= Work required =
Word for word, restate the data that follows, omitting the images.

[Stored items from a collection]
>>>>>

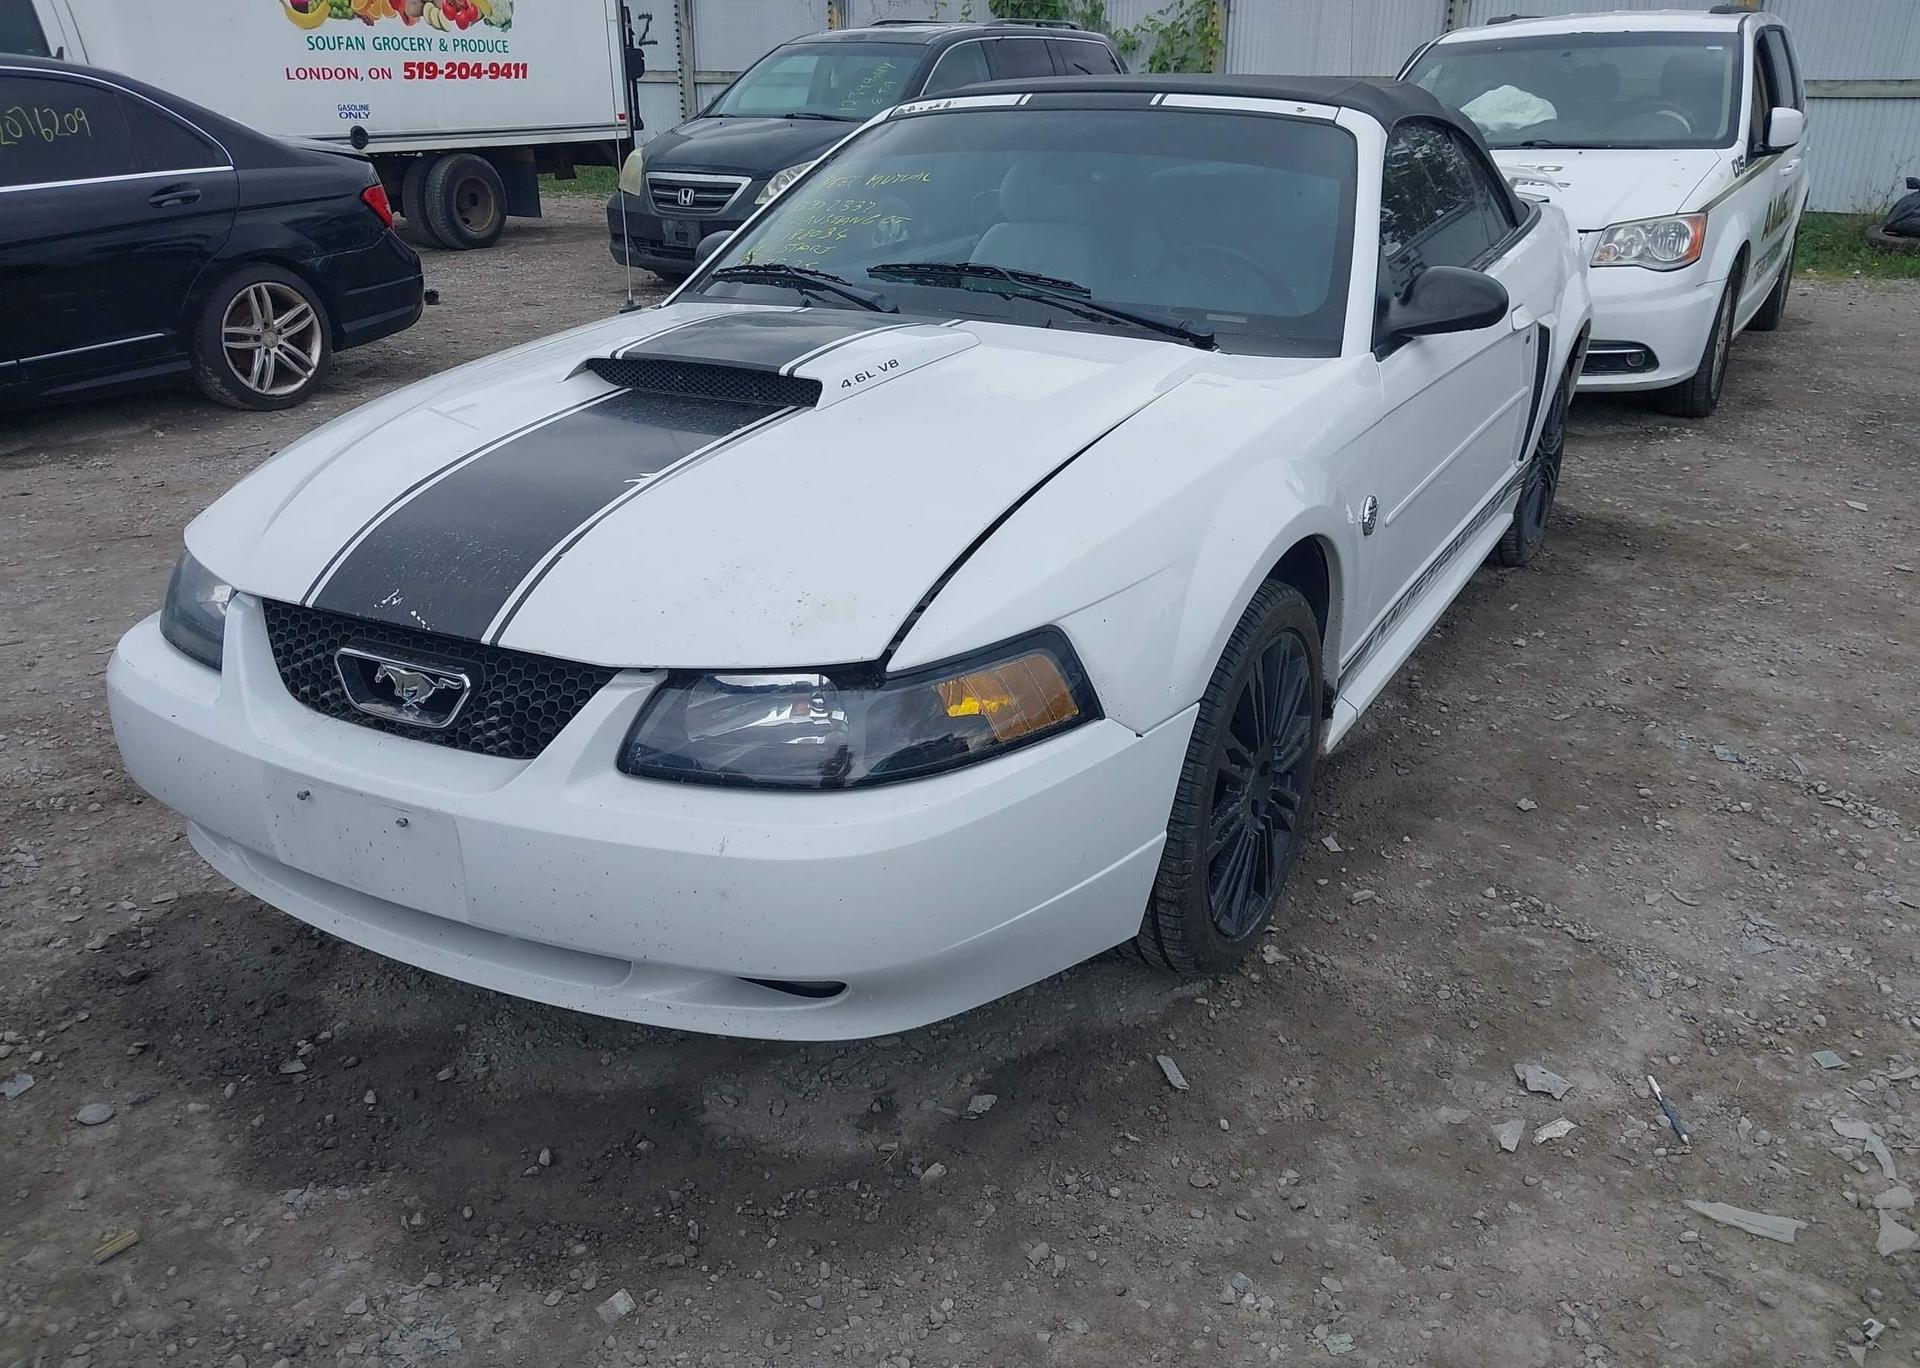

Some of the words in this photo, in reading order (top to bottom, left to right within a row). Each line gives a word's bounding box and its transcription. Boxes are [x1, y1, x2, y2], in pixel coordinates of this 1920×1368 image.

[306, 35, 366, 51] SOUFAN
[372, 36, 434, 52] GROCERY
[438, 38, 449, 52] &
[452, 38, 510, 54] PRODUCE
[285, 66, 364, 82] LONDON,
[368, 67, 393, 80] ON
[403, 61, 529, 80] 519-204-9411
[337, 103, 370, 111] GASOLINE
[339, 111, 371, 120] ONLY
[841, 370, 876, 389] 4.6L
[877, 358, 899, 373] V8

<<<<<

= Expected output =
Some of the words in this photo, in reading order (top to bottom, left to right within a row). Each line gives a word's bounding box and its transcription. Boxes are [x1, y1, x2, y2], in pixel coordinates of this 1920×1368 image.

[306, 35, 366, 51] SOUFAN
[372, 36, 434, 52] GROCERY
[438, 38, 449, 52] &
[452, 38, 510, 54] PRODUCE
[285, 66, 364, 82] LONDON,
[368, 67, 393, 80] ON
[403, 61, 529, 80] 519-204-9411
[337, 103, 370, 111] GASOLINE
[339, 111, 371, 120] ONLY
[841, 370, 876, 389] 4.6L
[877, 358, 899, 373] V8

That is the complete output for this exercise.